▸ **Exercise data**
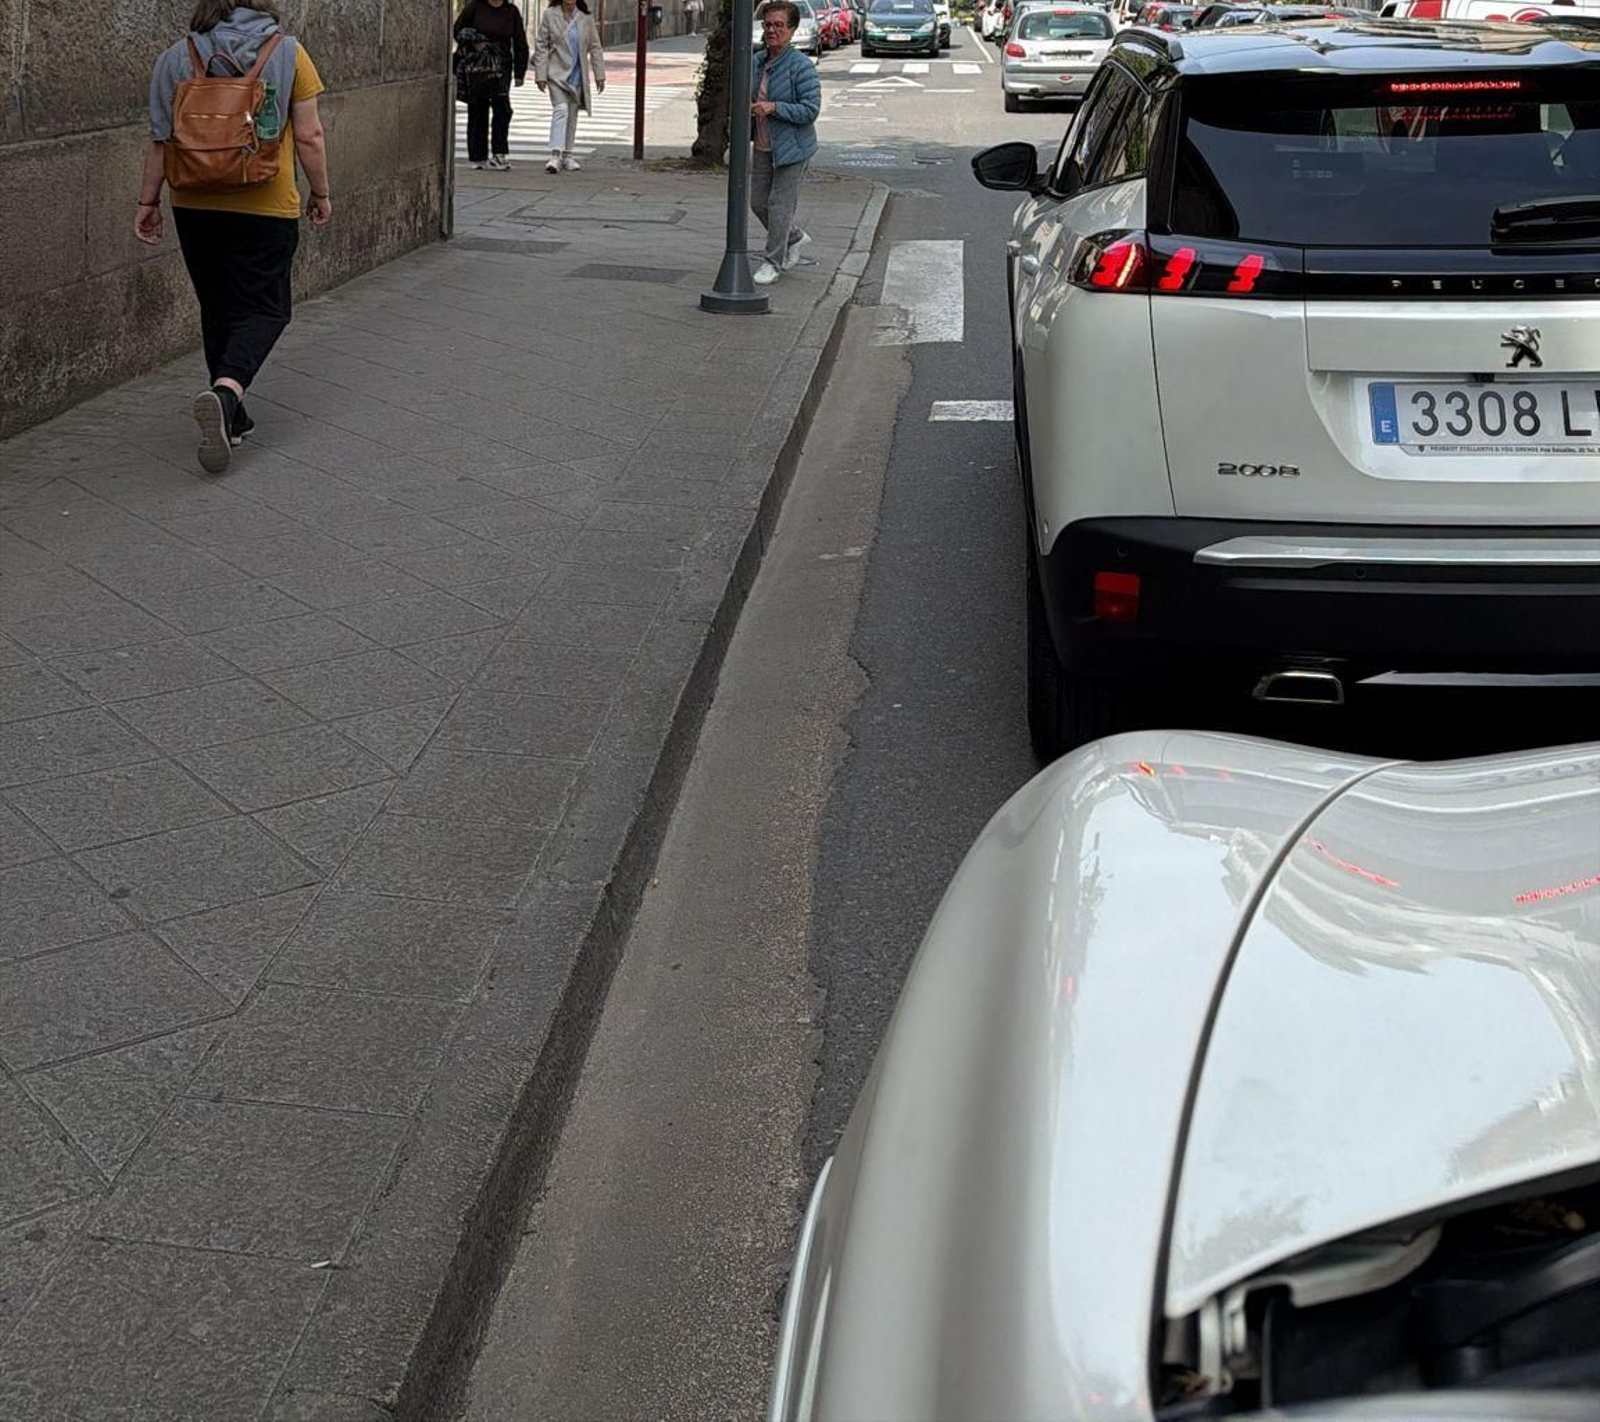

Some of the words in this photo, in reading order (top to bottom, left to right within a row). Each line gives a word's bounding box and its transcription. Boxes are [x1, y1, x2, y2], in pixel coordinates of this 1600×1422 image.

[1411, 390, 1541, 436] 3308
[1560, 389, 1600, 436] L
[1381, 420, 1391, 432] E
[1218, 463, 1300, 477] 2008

▸ **Task details**
Would you retype every line shown above exactly, leaving the pictures aside?

▸ **Written reply**
Some of the words in this photo, in reading order (top to bottom, left to right within a row). Each line gives a word's bounding box and its transcription. Boxes are [x1, y1, x2, y2], in pixel coordinates of this 1600×1422 image.

[1411, 390, 1541, 436] 3308
[1560, 389, 1600, 436] L
[1381, 420, 1391, 432] E
[1218, 463, 1300, 477] 2008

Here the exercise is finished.